M. Philippe Juvin, rapporteur général. Nous en avons tellement pris conscience que le versement mobilité régional et rural a été adopté l’année dernière. Je vous demande donc de retirer votre amendement.

M. Daniel Labaronne (EPR). La région Centre-Val de Loire a augmenté la taxe en faveur de la mobilité.

Mme Christine Arrighi (EcoS). Vous confondez la mesure sur le VM, effectivement adoptée l’année dernière et qui repose sur un prélèvement de 0,15 % pour les régions en tant qu’autorités organisatrices de mobilité, et le transfert de compétence opéré par les EPCI au moment de la LOM vers les régions, échelon qui ne peut lever le VM au profit des intercommunalités. Ce sont deux sujets bien distincts.

Nous souhaitons combler une lacune de la LOM. Si les EPCI n’avaient pas transféré cette compétence, il existerait un VM des EPCI et un VM des régions ; actuellement, seul le VM des régions est effectif. Nous avons besoin d’argent pour les transports, pourquoi ne corrigez-vous pas ce vide juridique ?

La commission rejette l’amendement.

Amendement I-CF1052 de Mme Claire Lejeune

Mme Claire Lejeune (LFI-NFP). La défense de l’amendement me donne l’occasion de répondre aux interrogations du rapporteur général sur une prétendue contradiction entre la volonté d’investir dans les transports en commun et celle de diminuer le taux de TVA à 5,5 % sur leur prix, baissant ainsi les ressources : comme nous souhaitons faire rentrer des recettes pour investir dans les transports en commun, nous proposons d’autoriser les communes de plus de 100 000 habitants à relever le VM à 3,2 %, comme Paris et sa petite couronne peuvent déjà le faire.

Le maintien de l’inégalité actuelle ne se justifie pas. Le taux de 1 % se révèle insuffisant pour faire face à l’accroissement des besoins d’entretien et d’investissements massifs. Transformer les mobilités ne revient pas simplement à remplacer le parc des voitures thermiques par des véhicules électriques, il faut également susciter l’essor des mobilités douces, notamment les transports collectifs.

M. Philippe Juvin, rapporteur général. Le VM est le deuxième impôt local payé par les entreprises : le montant de cet impôt de production a augmenté de 5 % chaque année entre 2010 et 2023. La loi de finances pour 2025 a déjà procédé à une hausse du VM payé par les entreprises, en permettant aux régions, qui sont les autorités organisatrices de mobilité, de l’instaurer. L’avis est défavorable.
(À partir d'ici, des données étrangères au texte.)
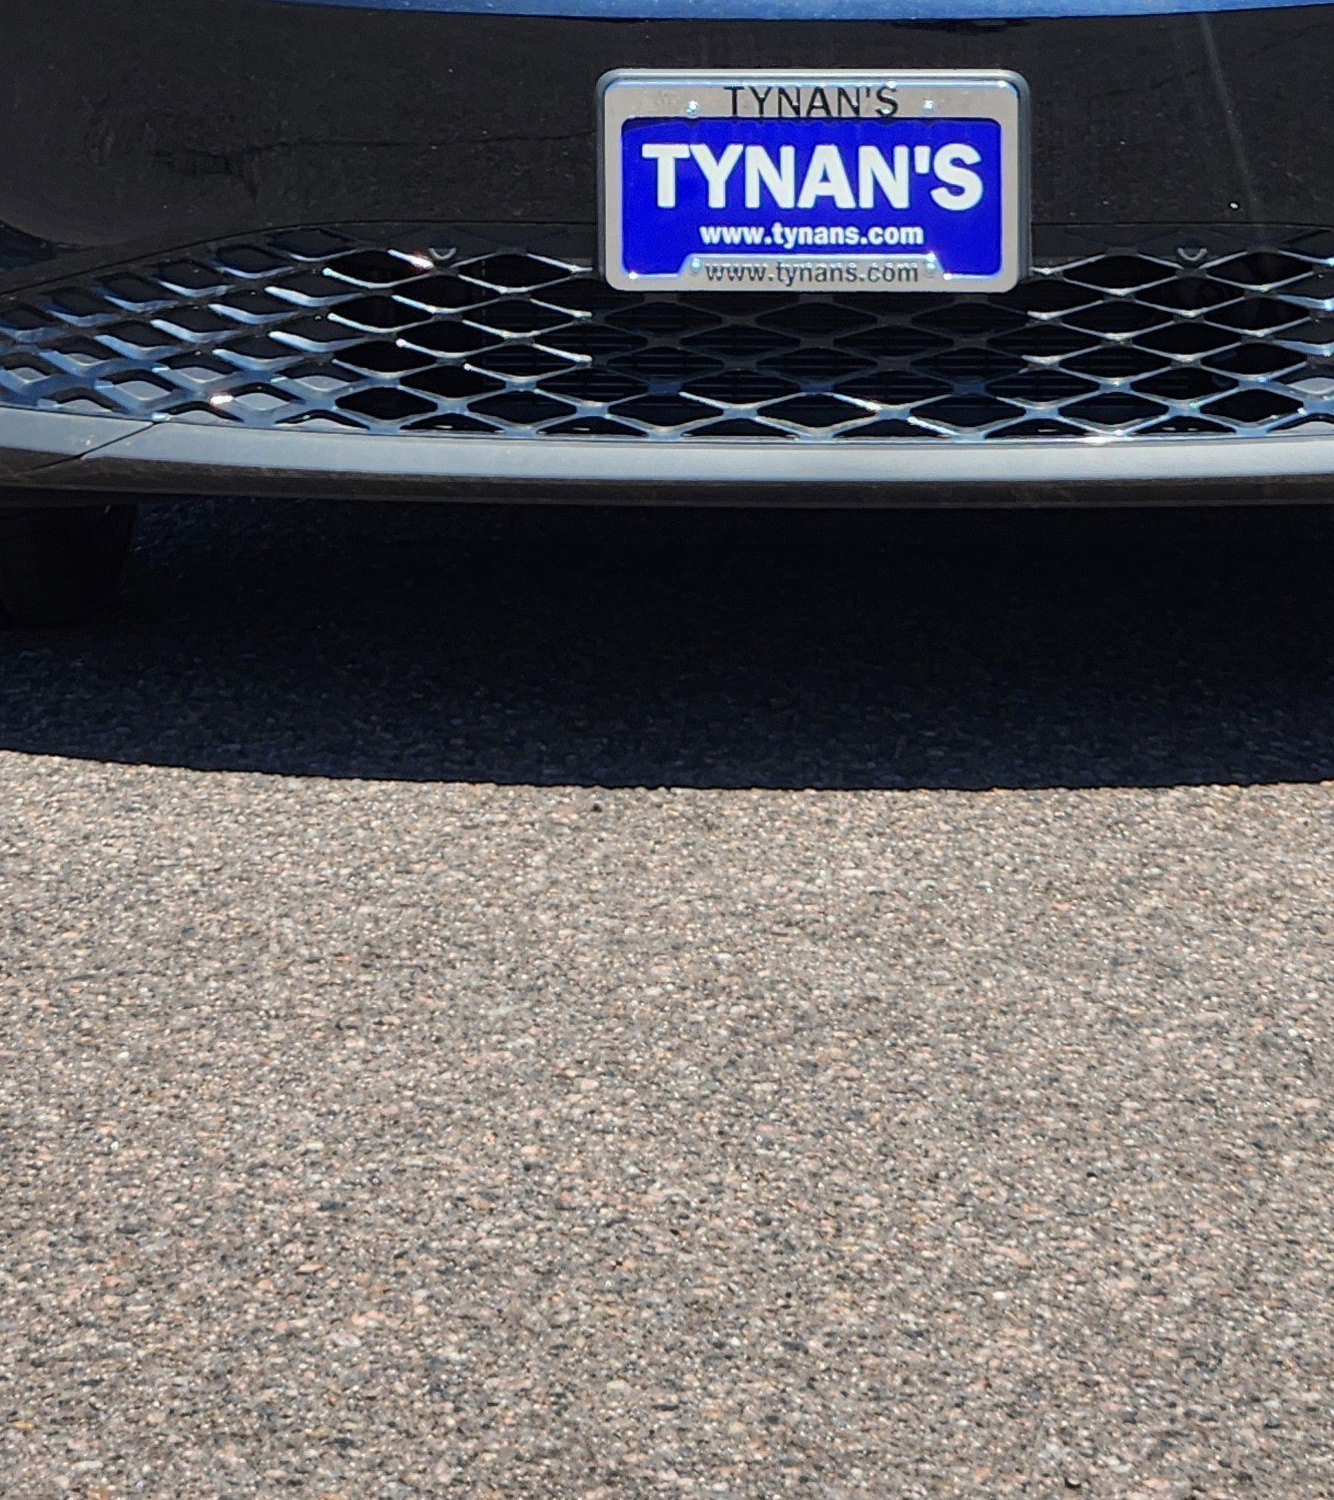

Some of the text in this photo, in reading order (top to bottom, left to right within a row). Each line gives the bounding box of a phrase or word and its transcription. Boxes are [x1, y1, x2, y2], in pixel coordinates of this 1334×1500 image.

[724, 86, 899, 118] TYNAN'S
[642, 142, 984, 211] TYNAN'S
[700, 222, 924, 249] www.tynans.com
[705, 261, 919, 287] www.tynans.com
Mme Mathilde Feld (LFI-NFP). L’amendement vise à permettre aux collectivités locales d’augmenter le taux, il ne s’agit pas de décider pour elles. À la veille des élections municipales, elles réfléchiront avec soin à l’effort demandé aux entreprises.
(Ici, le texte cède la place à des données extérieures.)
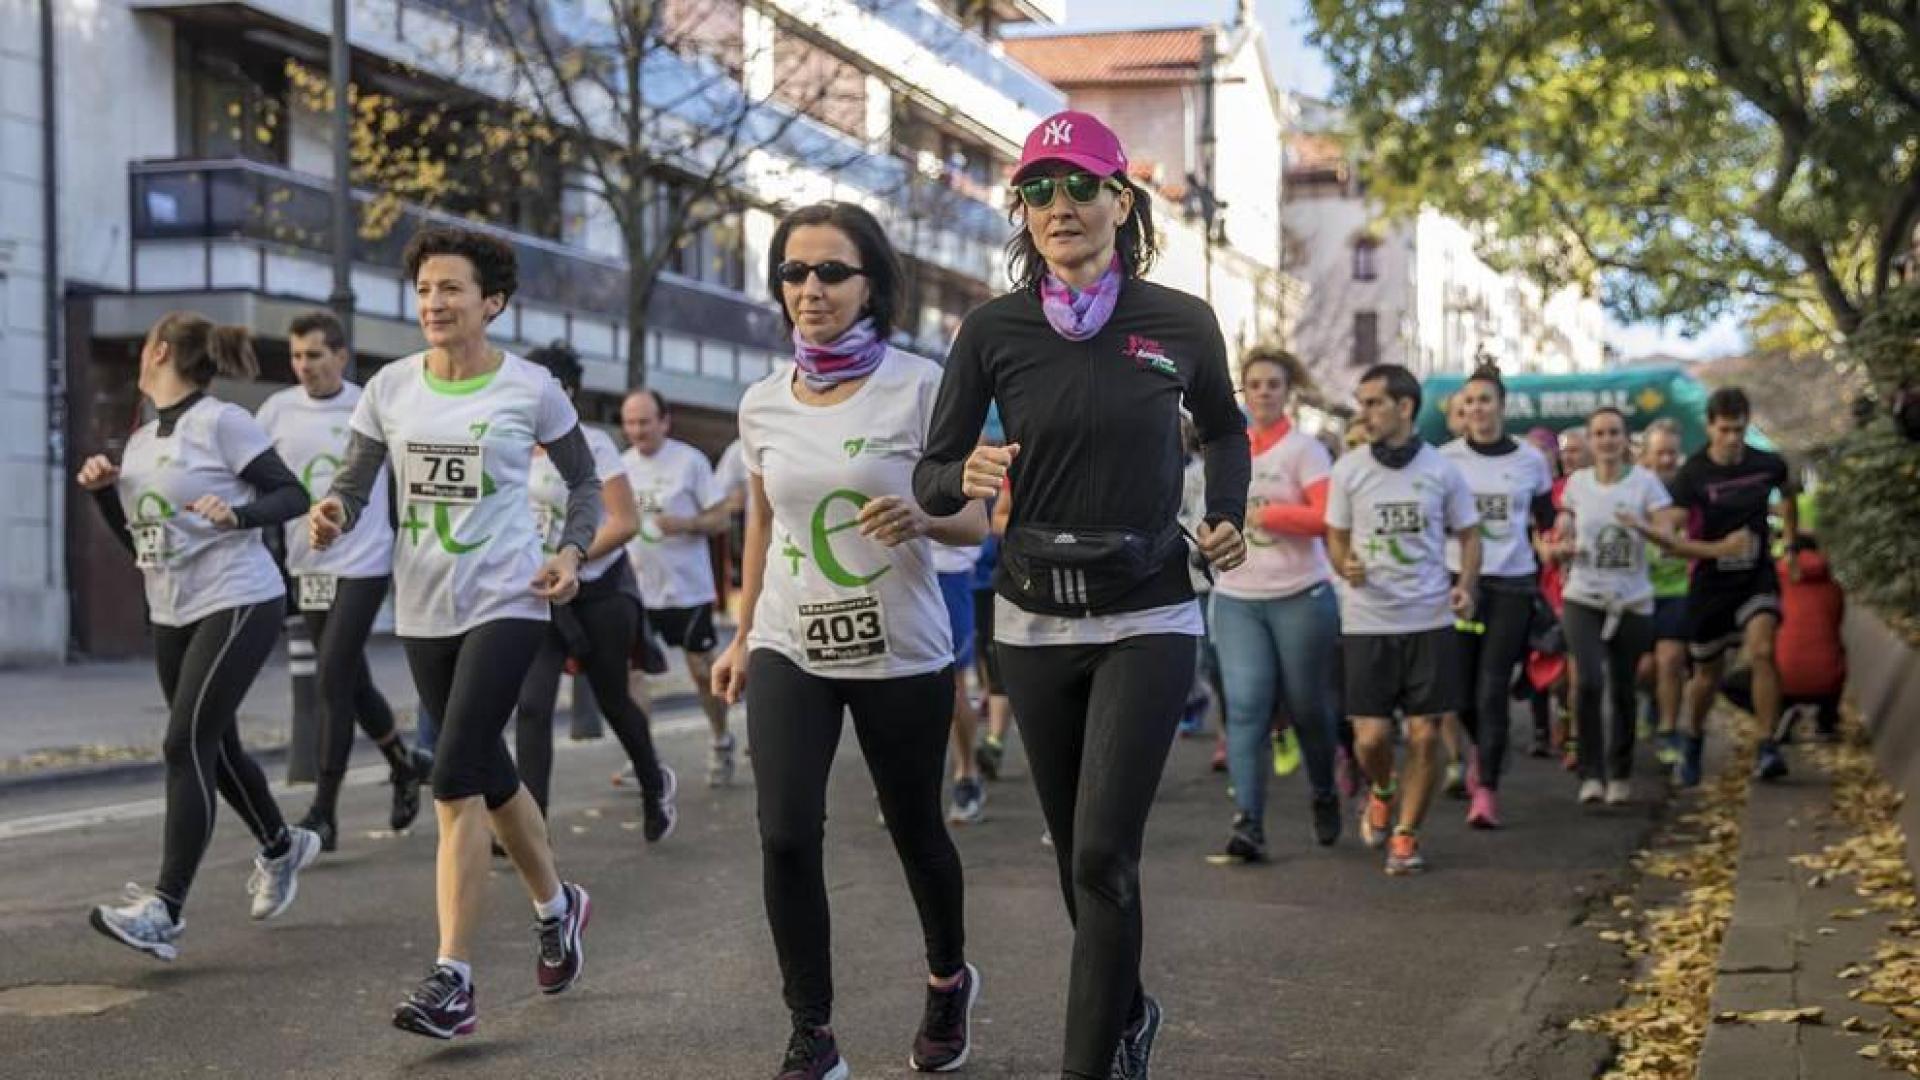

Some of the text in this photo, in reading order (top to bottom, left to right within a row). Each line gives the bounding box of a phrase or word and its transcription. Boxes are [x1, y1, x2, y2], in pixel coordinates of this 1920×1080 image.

[1541, 389, 1635, 418] RURAL
[423, 457, 465, 481] 76
[806, 611, 881, 644] 403
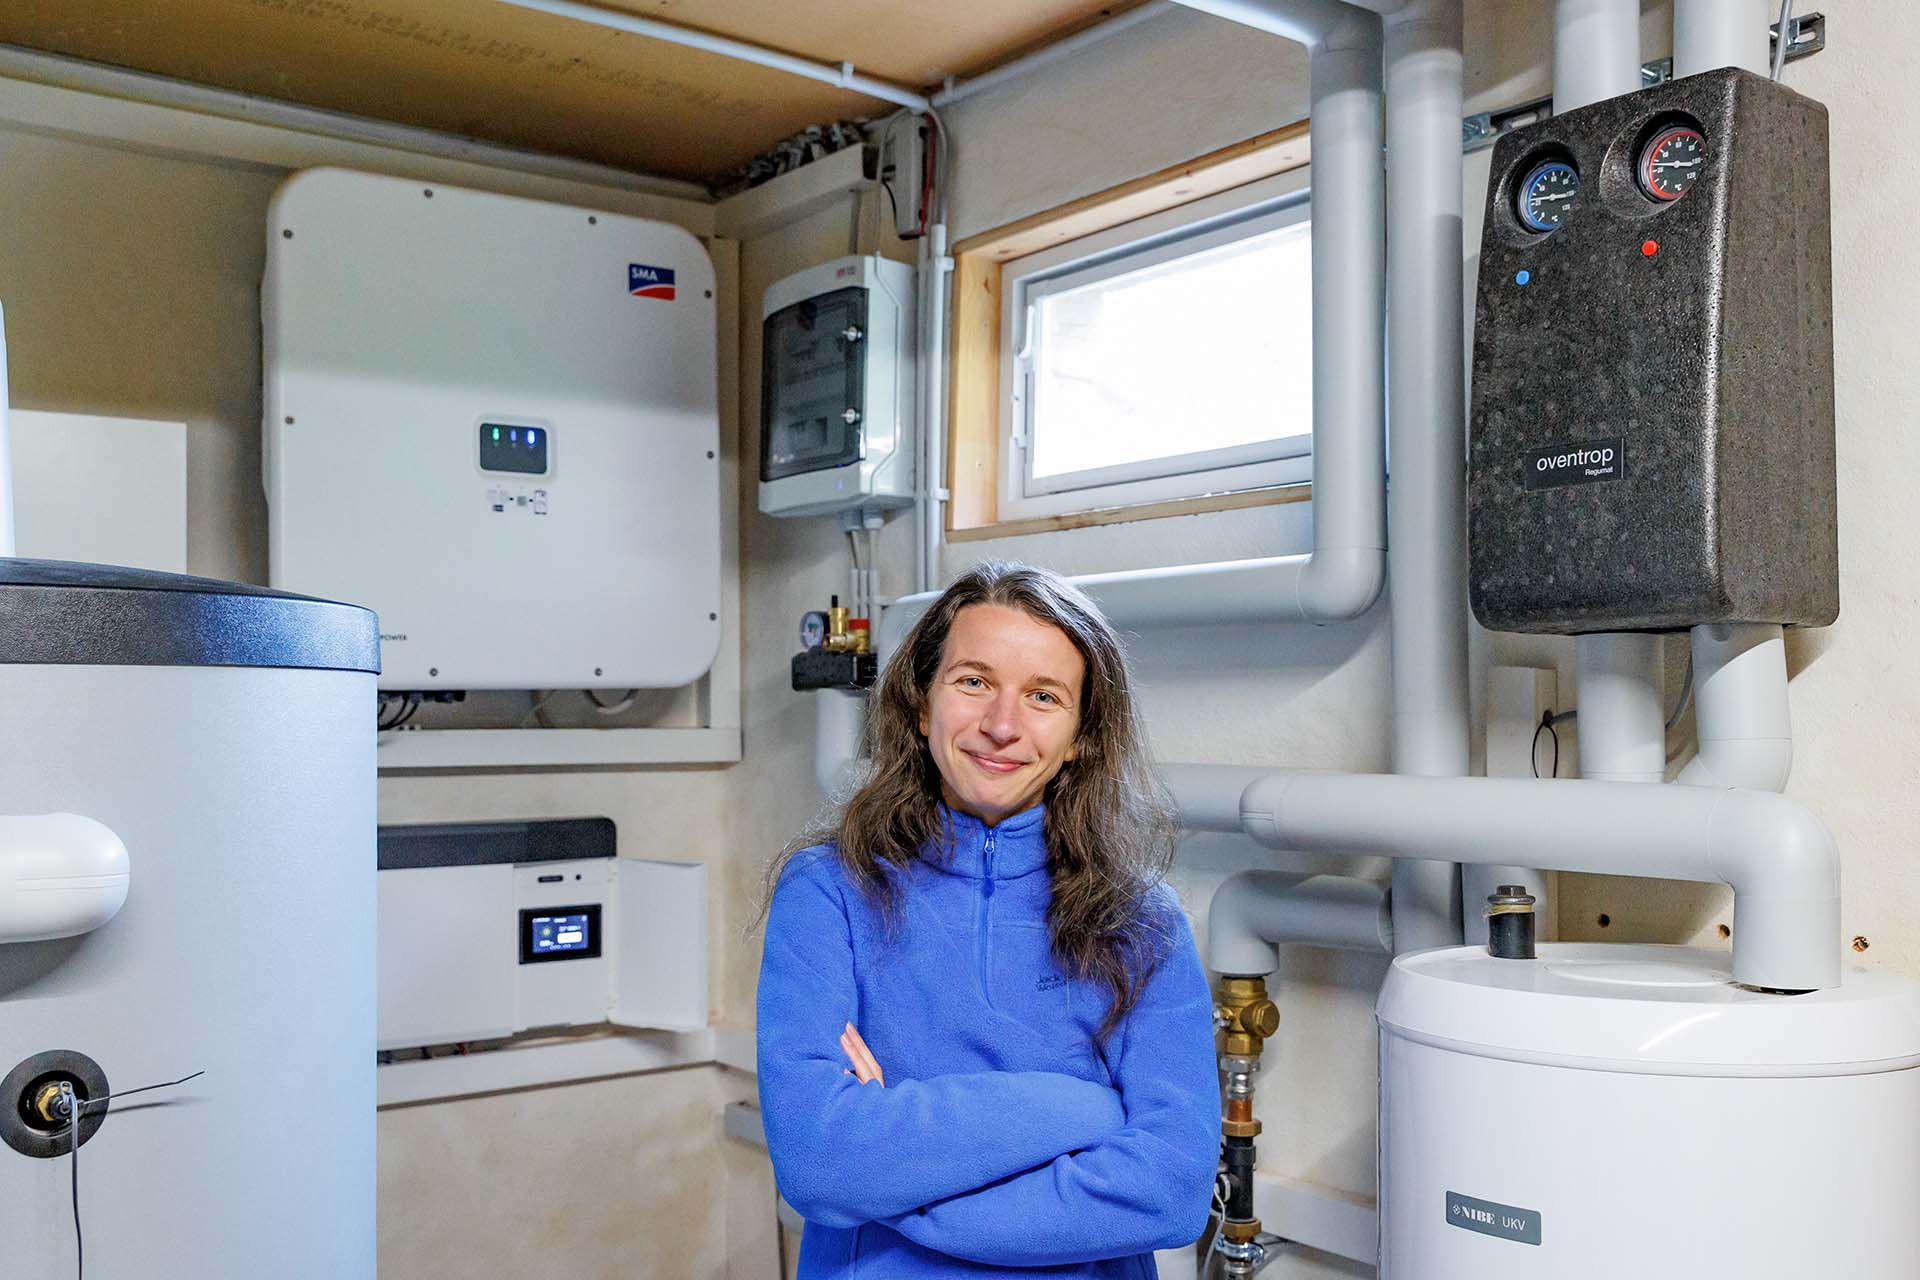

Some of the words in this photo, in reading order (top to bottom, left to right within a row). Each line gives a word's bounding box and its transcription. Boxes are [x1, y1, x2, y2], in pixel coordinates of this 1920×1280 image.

[631, 266, 659, 281] SMA
[1536, 448, 1614, 471] oventrop
[1585, 466, 1614, 476] Regumat
[1035, 974, 1061, 984] Jack
[1462, 1206, 1496, 1225] NIBE
[1502, 1216, 1526, 1231] UKV
La commission rejette l’amendement.

Suivant l’avis du rapporteur général, la commission rejette l’amendement I-CF922 de M. Pierrick Courbon.

Amendements identiques I-CF205 de M. Michel Castellani, I-CF351 de M. Nicolas Ray et I-CF1204 de M. Emmanuel Mandon

M. Michel Castellani (LIOT). Mon amendement vise à conforter la compétence des départements en les autorisant à relever le taux de la taxe additionnelle à la taxe de séjour. Actuellement fixé à 10 %, nous proposons qu’il puisse se situer dans une fourchette comprise entre 10 % et 30 %.

M. Nicolas Ray (DR). Il s’agit du même amendement, élaboré avec Départements de France dans le but de donner un peu plus de marge de manœuvre à ces collectivités – qui rencontrent de grandes difficultés – dans la fixation de la taxe additionnelle à la taxe de séjour.

M. Emmanuel Mandon (Dem). Cet amendement répond à une demande des départements, même si nous pouvons nous interroger sur les périmètres des politiques de développement du tourisme et d’attractivité des territoires. Il me semble qu’il y a lieu de conforter cette compétence départementale, mais nous devrions ouvrir une réflexion plus large sur la décentralisation.

Suivant l’avis du rapporteur général, la commission rejette les amendements.

Amendement I-CF518 de M. Paul Molac

M. Philippe Juvin, rapporteur général. Je suis défavorable à cet amendement, qui vise à instaurer une taxe additionnelle de 200 % à la taxe de séjour dans les départements bretons et à affecter son produit au financement des transports.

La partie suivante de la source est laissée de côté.